*** DATASET ENTRIES ***

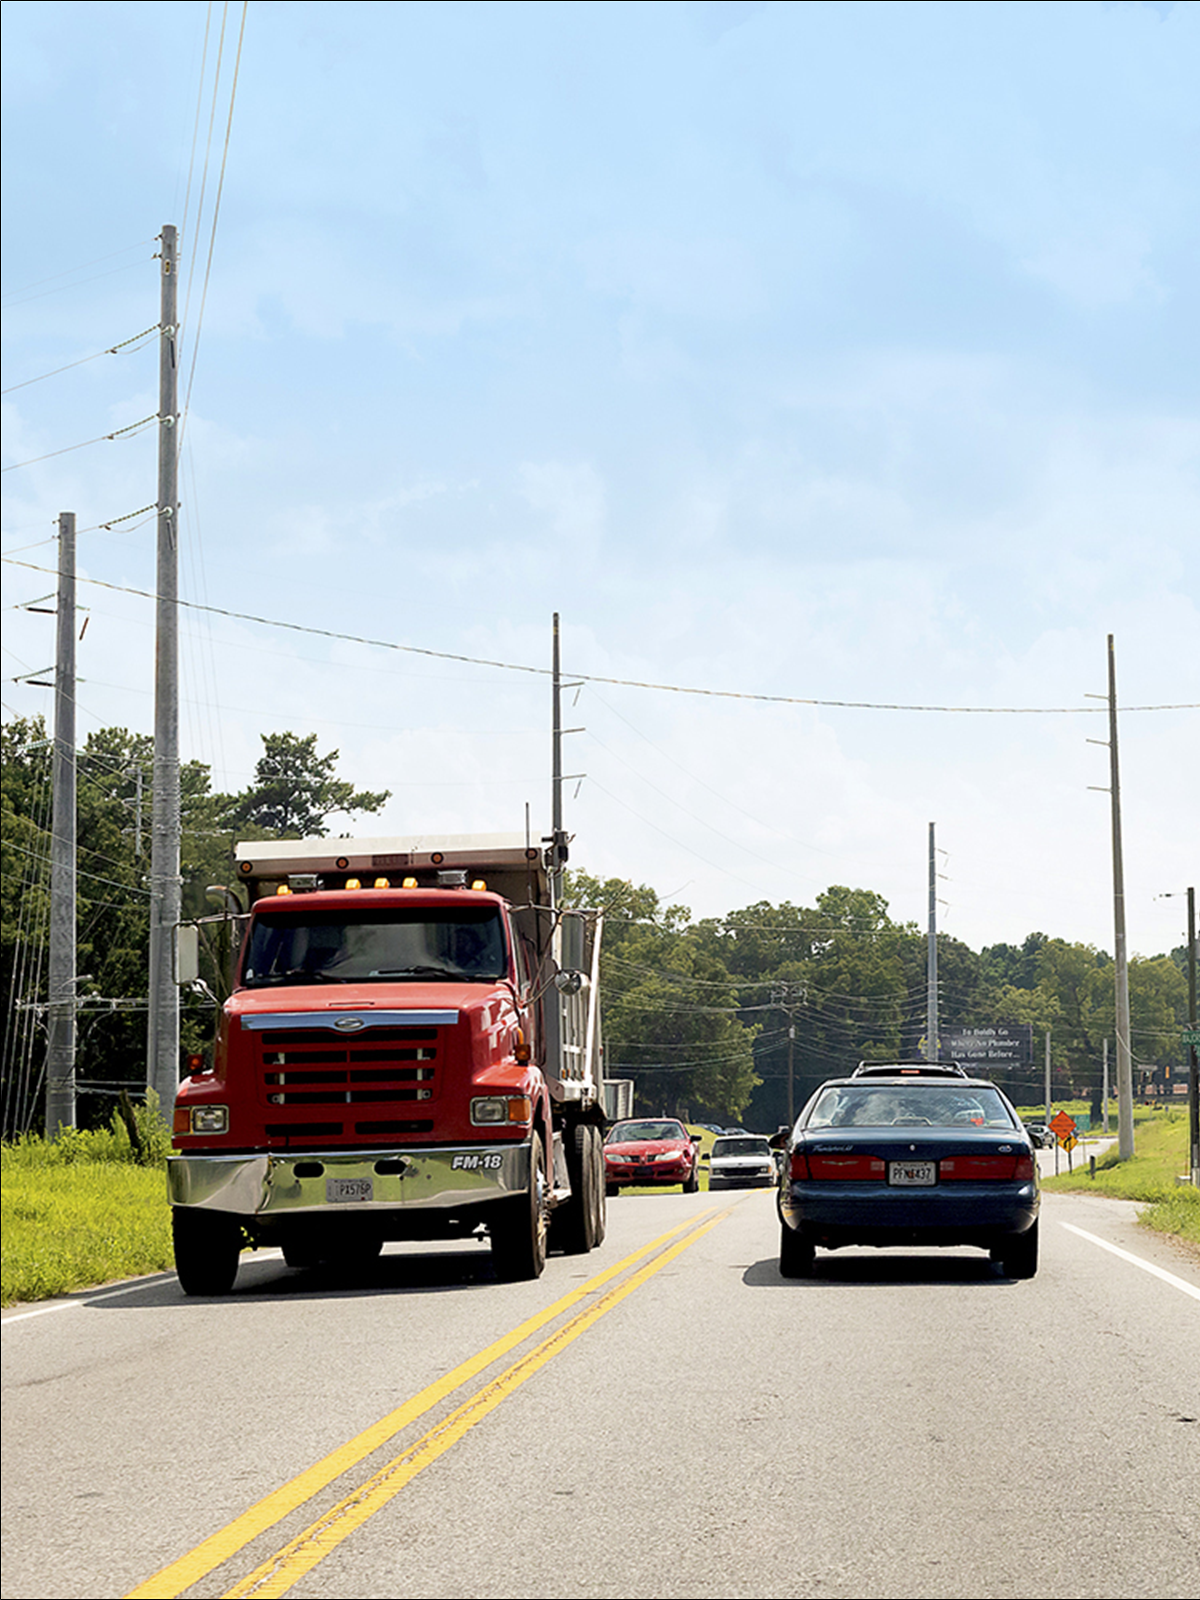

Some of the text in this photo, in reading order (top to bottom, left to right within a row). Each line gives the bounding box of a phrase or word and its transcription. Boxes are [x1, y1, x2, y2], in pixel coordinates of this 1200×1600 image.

[998, 1028, 1009, 1036] Go
[988, 1039, 1020, 1047] Plumber
[968, 1050, 987, 1059] Gone
[453, 1155, 502, 1169] FM-18
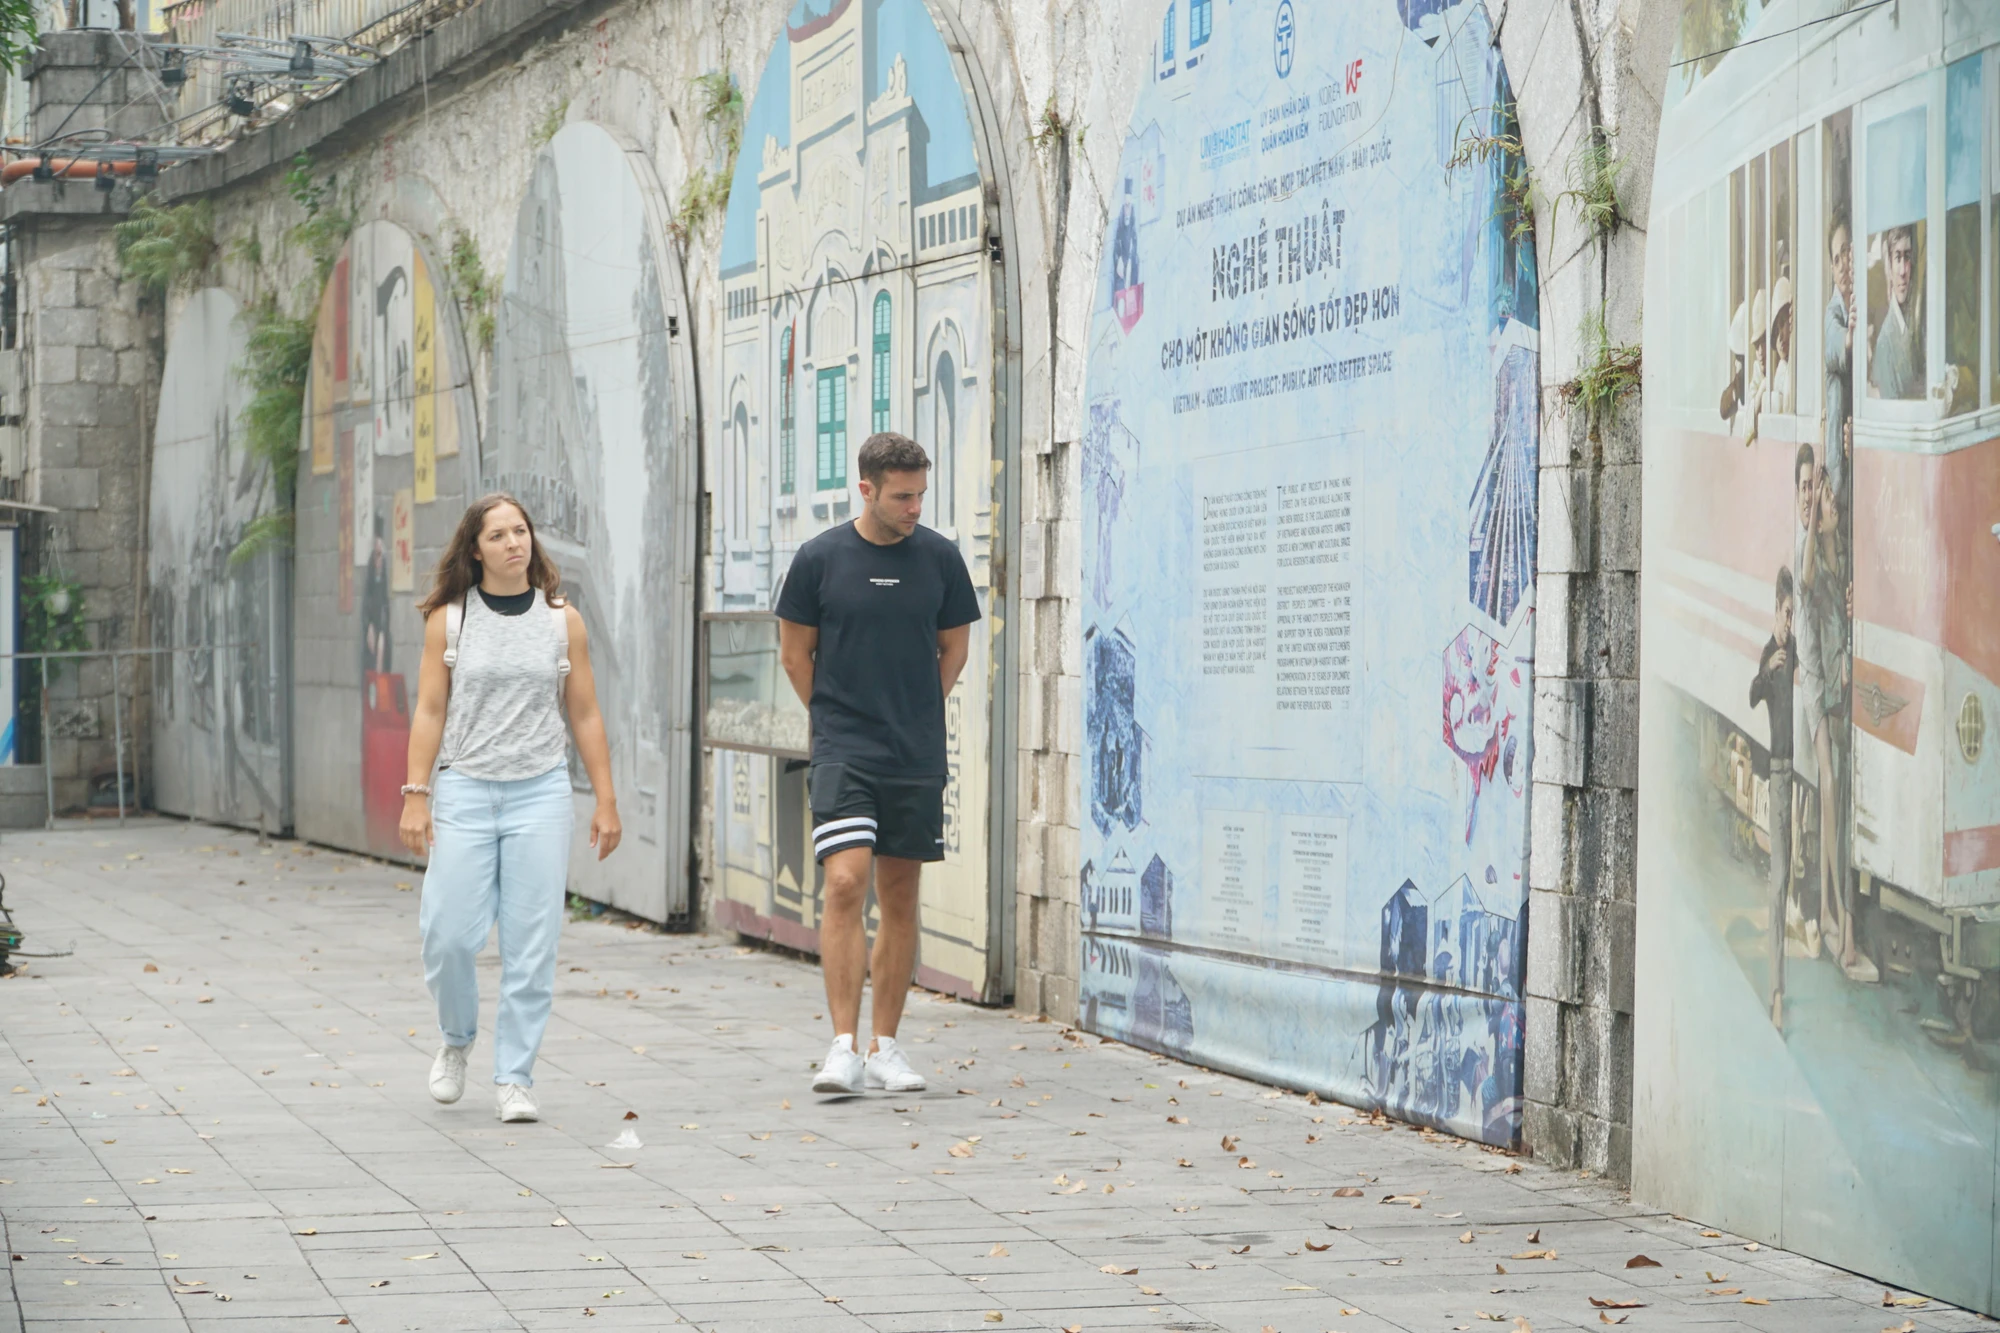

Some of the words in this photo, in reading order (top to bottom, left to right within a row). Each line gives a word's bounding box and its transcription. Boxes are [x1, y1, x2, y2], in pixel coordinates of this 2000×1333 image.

***

WHAT YOU ARE ASKED TO DO: Recopy the whole listing above precisely, excluding images.

EXERCISE OUTPUT:
Some of the text in this photo, in reading order (top to bottom, left to right within a row). Each line gives the bounding box of a phrase or word and its transcription. Boxes are [x1, y1, x2, y2], in pixel coordinates of this 1200×1600 image.

[998, 1028, 1009, 1036] Go
[988, 1039, 1020, 1047] Plumber
[968, 1050, 987, 1059] Gone
[453, 1155, 502, 1169] FM-18

Some of the words in this photo, in reading order (top to bottom, left to right within a row). Each line gives a word's bounding box and its transcription. Boxes are [x1, y1, x2, y2], in pixel coordinates of this 2000×1333 image.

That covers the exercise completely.